3. Peremptory Challenge
¶11 Frazier claims the district court erred in rejecting his Batson challenge to the prosecution's removal of the only African-American panelist from the venire.5 Although the prosecutor articulated non-pretextual, race-neutral reasons for the peremptory strike, Frazier maintains the reasons were vague, generic, and insufficient. He also contends the district court mistakenly focused on whether the reasons given by the prosecutor were race neutral rather than on whether he had shown purposeful discrimination. According to Frazier, the district court made the wrong findings on the record and his Batson challenge should have been sustained. We disagree.
¶12 The State exercised its five peremptory challenges without complaint after the parties passed the original venire panel for cause. The district court called six additional prospective jurors to examine for the purpose of selecting two alternate jurors. Once the parties passed these six panelists for cause, the parties exercised two peremptory challenges each and the State exercised its second and final peremptory challenge to strike Panelist C. Defense counsel objected because Panelist C was the only African American in the jury pool. The prosecutor immediately offered an explanation, stating that Panelist C sat with her arms crossed during questioning, did not pay attention, refused to make eye contact, and had an "extremely hostile look on her face." The prosecutor noted that Panelist C was more attentive to defense counsel. Defense counsel responded that Panelist C had her arms crossed and avoided eye contact with her as well. The district court overruled defense counsel's Batson objection and allowed the strike. The court stated, "I don't think that any of the reasons that they have given this Court or [defense counsel] had anything to do with her race or ethnicity at all."

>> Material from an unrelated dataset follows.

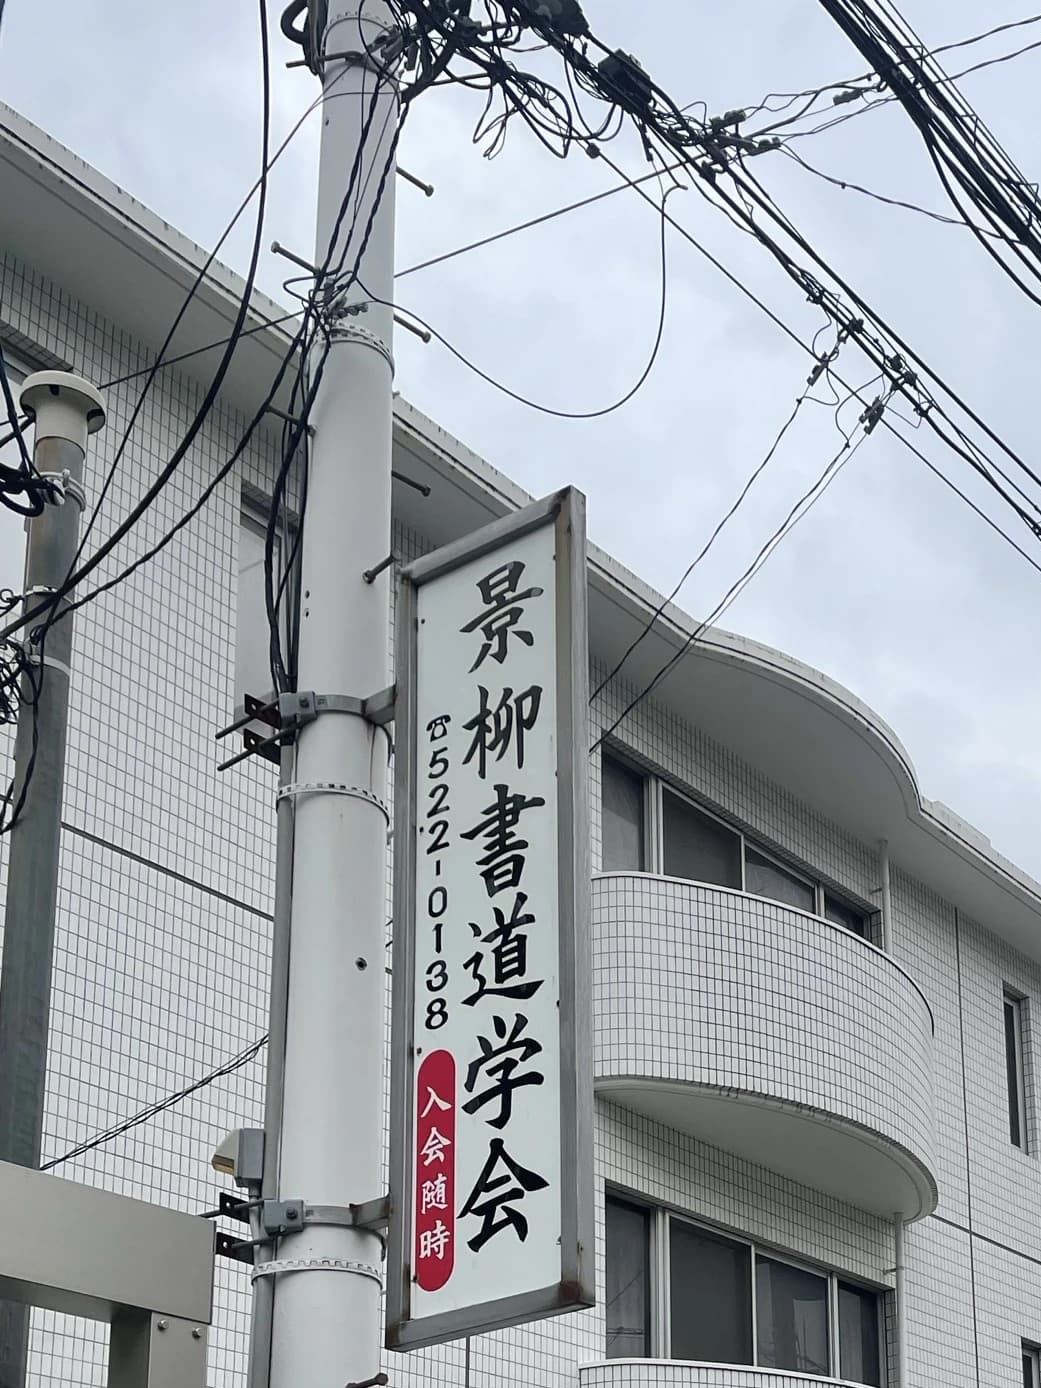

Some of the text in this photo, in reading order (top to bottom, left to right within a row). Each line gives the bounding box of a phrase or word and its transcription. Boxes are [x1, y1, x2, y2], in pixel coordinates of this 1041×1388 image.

¶13 Frazier fails to show an equal protection violation under Batson from the prosecutor's peremptory strike of Panelist C. See Day v. State, 2013 OK CR 8, ¶ 15, 303 P.3d 291, 299 (discussing three-step process for evaluating equal protection challenges based on alleged racial discrimination in the exercise of peremptory challenges). The prosecutor provided race-neutral reasons for the peremptory strike. Smith v. State, 2007 OK CR 16, ¶ 12, 157 P.3d 1155, 1162 (holding "[a] neutral explanation in the context of this analysis means one based on something other than the race of the juror."). The prosecutor's reasons showed no discriminatory intent inherent in the explanation. Thus, the reasons given were appropriately deemed race-neutral. Id. The district court's finding that the prosecutor's explanation provided facially valid reasons not revealing an intent to discriminate on the basis of race is supported by the record. Because the State tendered a race-neutral explanation for striking Panelist C, Frazier had the burden of proving purposeful discrimination and he has failed to do so. Id., 2007 OK CR 16, ¶ 16, 157 P.3d at 1163. The district court chose to believe the prosecutor's explanations related to the apparent hostile and standoffish attitude of the panelist. Consequently, we find the district court's decision to accept these race-neutral reasons as sufficient to defeat Frazier's Batson challenge was not clearly erroneous. Snyder v. Louisiana, 552 U.S. 472, 477 (2008) (holding "[o]n appeal, a trial court's ruling on the issue of discriminatory intent must be sustained unless it is clearly erroneous."). Nor do we find, contrary to Frazier's assertion, that the district court made incorrect findings. The district court made a specific finding that the prosecutor's reasons for the strike were not race or ethnicity related. It acknowledged the proffered reasons and agreed that the reasons were not predicated on an attempt at racial exclusion, i.e., that Frazier had not shown purposeful discrimination. Because no clear error is apparent from the district court's ruling, we reject Frazier's Batson claim.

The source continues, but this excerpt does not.